The electronic version of this article is the complete one and can be found online at: http://ccforum.com/content/12/S2/P205


Published:13 March 2008

© 2008 BioMed Central Ltd

Introduction

In the European Union, drotrecogin alfa (activated) (DAA) is licensed (intravenous infusion, 96 hours) for adults with severe sepsis with multiple organ failure. In the PROWESS trial, DAA treatment was associated with significant mortality reduction and more rapid improvement in cardiovascular function over 7 days (decreased need for vasopressors). But 22% of DAA-treated patients remained on vasopressors at end infusion. The primary aim of this study was to investigate, in severe sepsis patients with persistent vasopressor dependency at the end of 96-hour commercial DAA treatment, whether continued administration of DAA for up to a further 72 hours results in more rapid resolution of vasopressor dependency compared with placebo (no DAA after commercial DAA infusion).
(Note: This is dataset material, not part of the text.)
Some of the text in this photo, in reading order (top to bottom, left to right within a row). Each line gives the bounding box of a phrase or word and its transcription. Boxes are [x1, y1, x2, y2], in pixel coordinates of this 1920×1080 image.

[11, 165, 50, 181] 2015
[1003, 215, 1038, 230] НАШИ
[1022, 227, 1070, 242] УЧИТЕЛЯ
Secondary objectives were mortality, biomarker changes, and safety.

Methods

A multicentre, double-blind, randomized, placebo-controlled study. Owing to slower than anticipated recruitment, the planned sample size was reduced from 275 to 200.

Results

Two hundred and one patients (64 centers, nine countries) were entered, 199 randomized, 193 received study medication for any length time (ITT population). There were clinically relevant differences in baseline characteristics, with more DAA patients having a cardiovascular SOFA score of 4 compared with placebo (78.7% vs 64.3%, P = 0.03), having higher median doses of norepinephrine (0.26 μg/kg/min vs 0.16 μg/kg/min, P = 0.03) and tending to have lower protein C levels (66.8% vs 72.9%, P = 0.23). There was no statistically significant difference for primary endpoint resolution of vasopressor dependency (log-rank P = 0.42), nor in the proportion of resolvers (34.0% DAA vs 40.4% placebo, P = 0.36). Day 28 mortality was 39.8% in the DAA group, 32.3% in the placebo group (P = 0.28). The DAA group had significantly lower percentage change in D-dimers (21.9% vs 63.2%, P < 0.001), driven primarily by a larger increase in the placebo group. By end infusion, protein C levels were similar (81.7% DAA vs 79.4% placebo, P = 0.23). One serious bleeding event occurred during the infusion period in each group.

Conclusion

Continued DAA for up to a further 72 hours after commercial drug administration did not result in more rapid resolution of vasopressor-dependent hypotension, despite anticipated effects on D-dimer and protein C levels, and was associated with an acceptable safety profile. The reduction in the planned sample size combined with baseline imbalances in protein C levels and vasopressor requirements may have limited our ability to show clinical benefit.